Avoid Eroding Solidarity
Here's what you don't do: you don't mock members of the oppressed group. You don't tell them they are wrong. You don't berate them and you don't accuse them of sowing division. Erasing oppression from our midst requires respecting that those who are of an oppressed group have a unique standing on the question at hand and that you cannot possibly judge what it's like to live with all the history, the abuses, the stress and the erosion of agency that comes with their particular form of oppression. Yes, perhaps all of us belong to some oppressed group. In that sense, we can understand the need to stand together and fight for liberation. But, it is presumptuous to assume that anyone else's experience of oppression is just like yours and therefore, you can know better what they ought to be doing and not doing and how they should feel and see things.
Solidarity: The Antidote to Oppression
Solidarity is not about always agreeing.
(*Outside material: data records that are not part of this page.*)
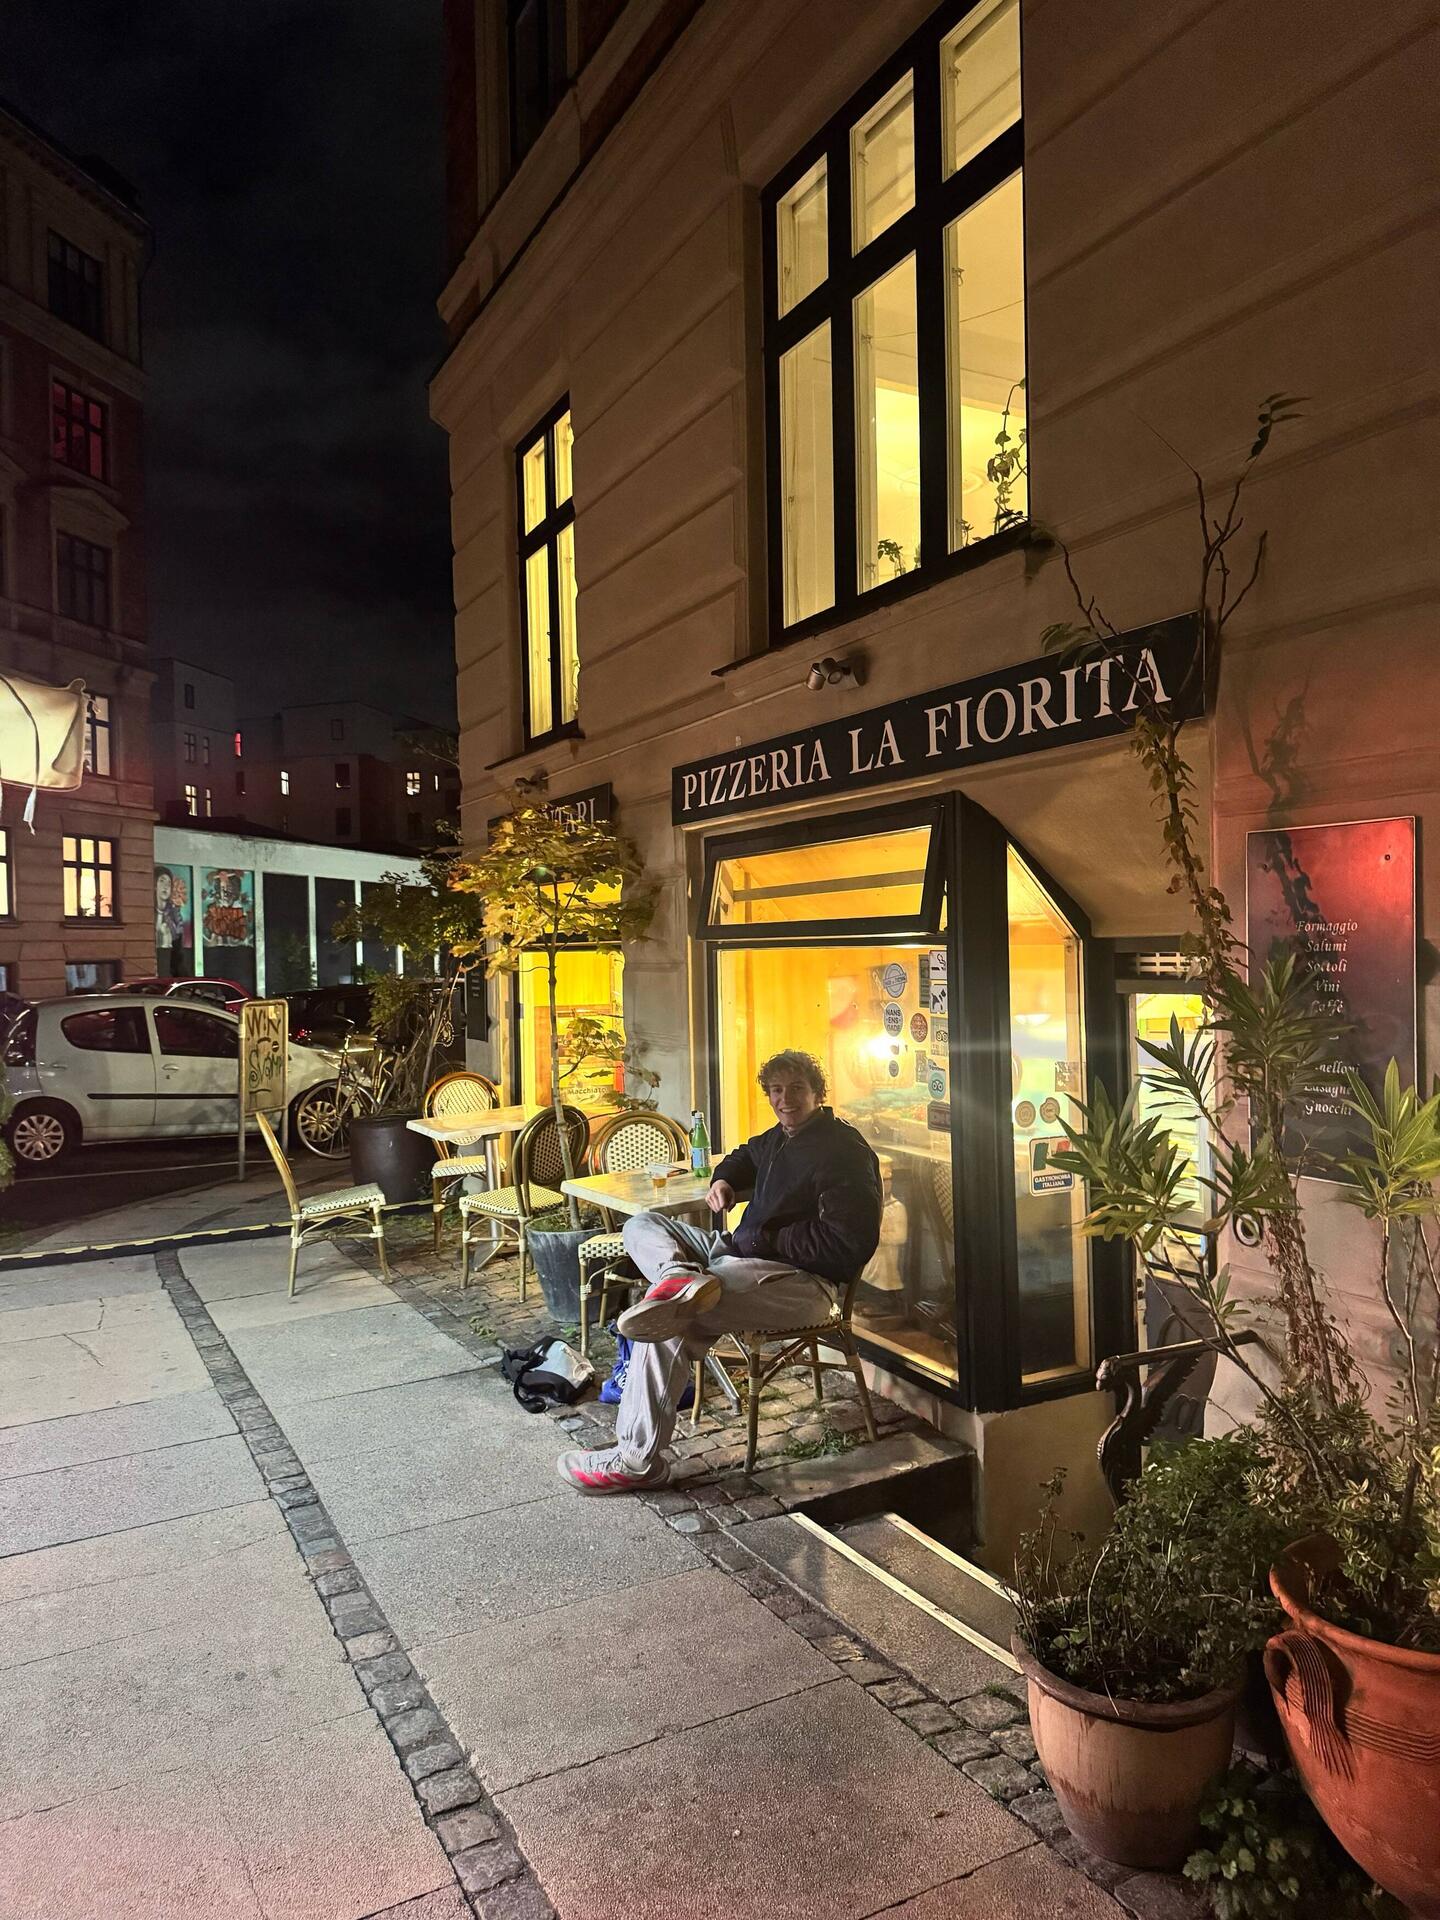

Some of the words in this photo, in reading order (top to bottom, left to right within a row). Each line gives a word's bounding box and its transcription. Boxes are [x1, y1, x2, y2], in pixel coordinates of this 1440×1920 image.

[682, 738, 833, 812] PIZZERIA
[848, 719, 904, 773] LA
[924, 648, 1172, 757] FIORITA
[1295, 918, 1359, 936] Formaggio
[1304, 938, 1348, 953] Salumi
[1313, 978, 1341, 993] Vini
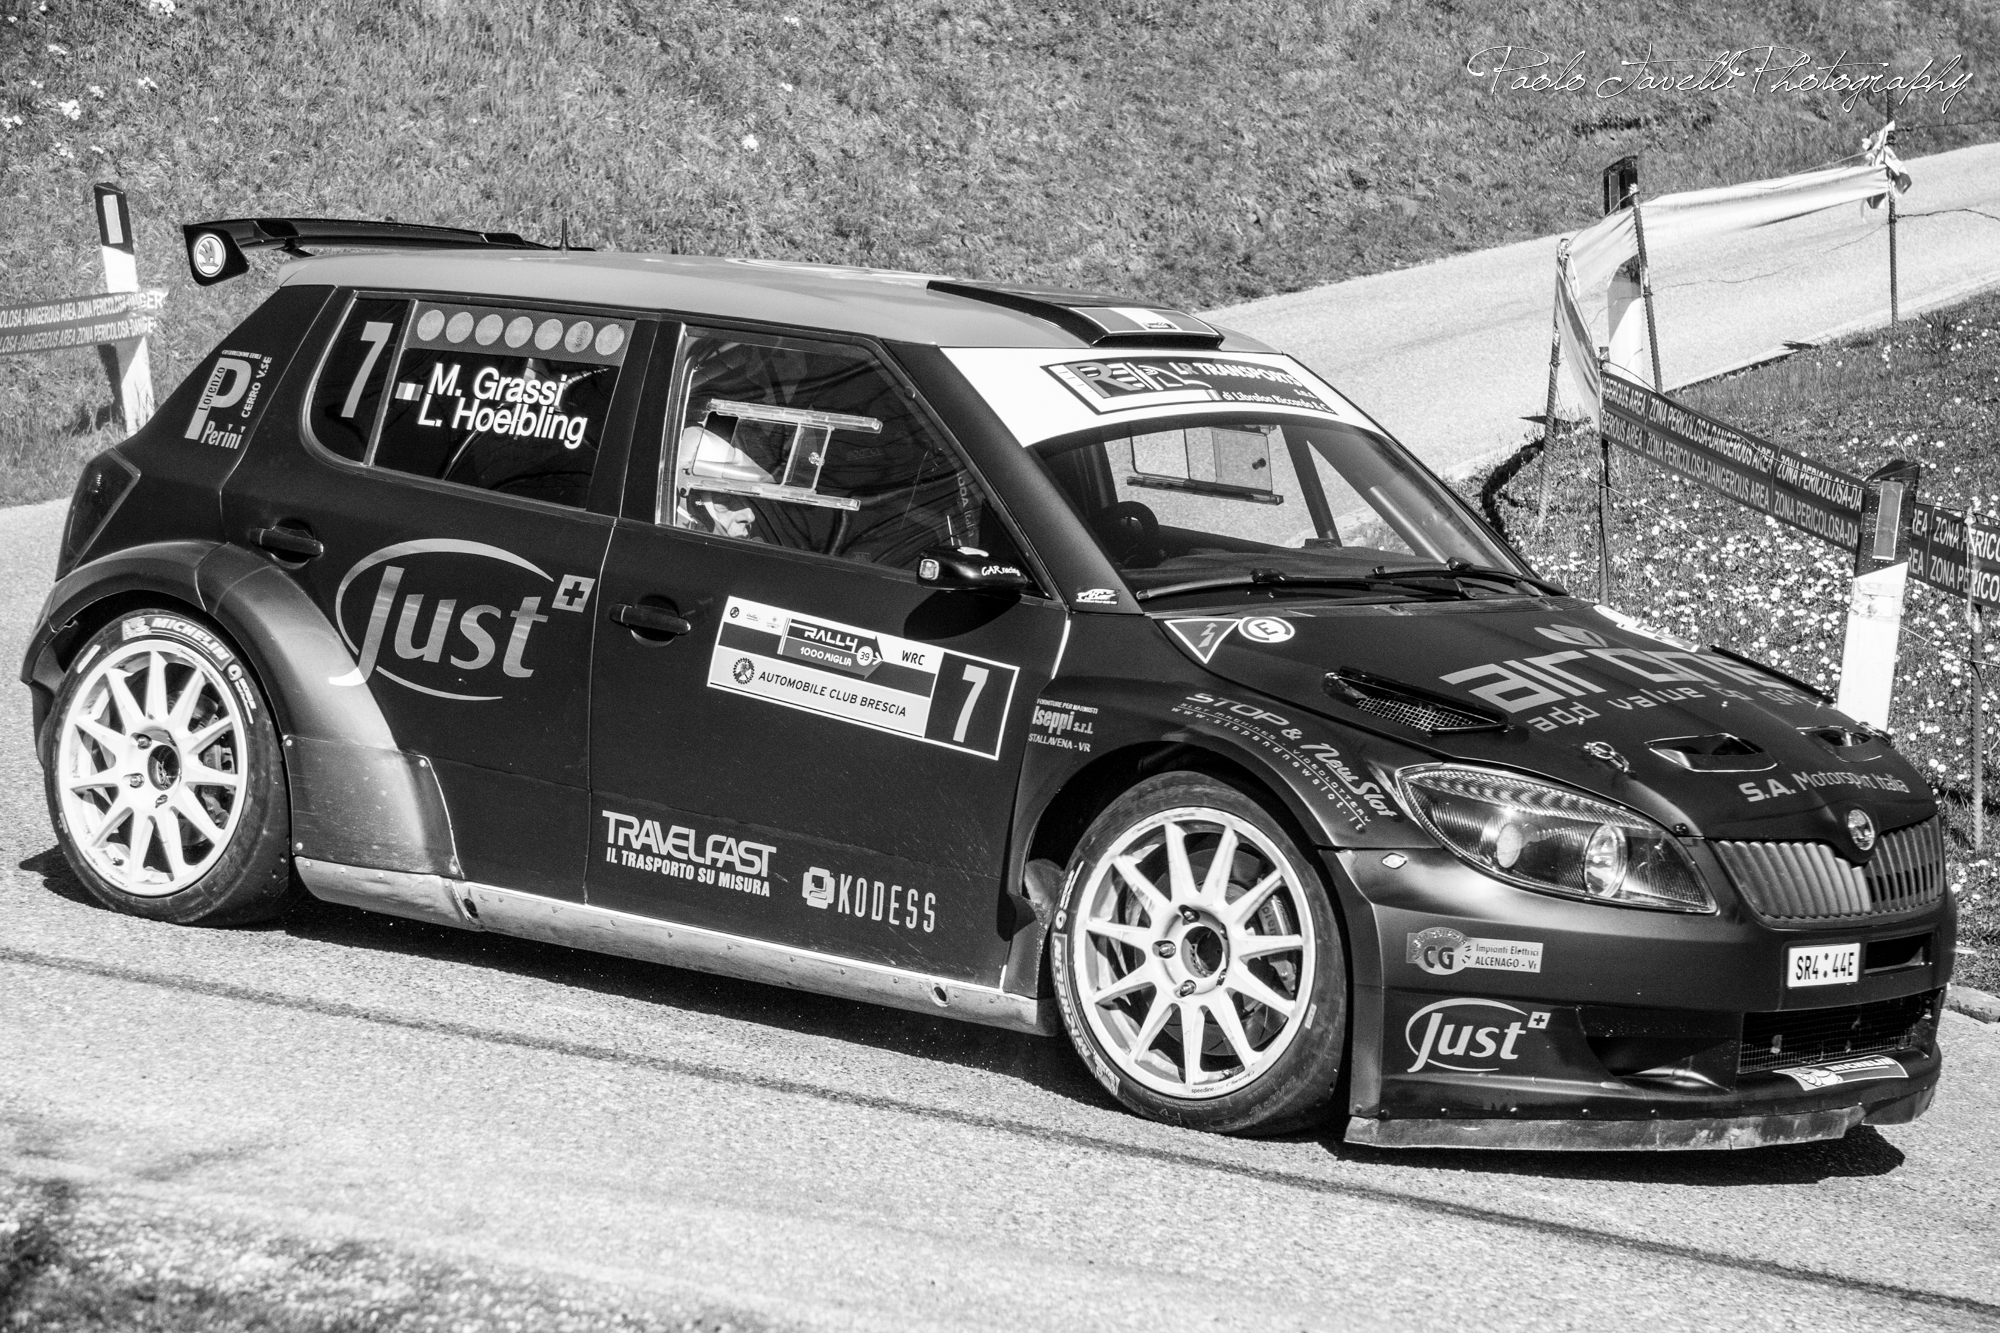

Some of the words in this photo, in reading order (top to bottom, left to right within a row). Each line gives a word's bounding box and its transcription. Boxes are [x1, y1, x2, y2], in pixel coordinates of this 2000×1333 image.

It is about always honoring the will of those who are oppressed. It is about tending to them, as they see fit. It's not about being sure they are "right" or that the tactic they choose will win the day. It's about absolutely reversing the dynamics of oppression by letting them make the choices themselves and standing with them regardless of the outcome. Liberation is as much about letting people make their own mistakes and live in their own confusion and wend their own way toward self-respect as it is about winning anything else.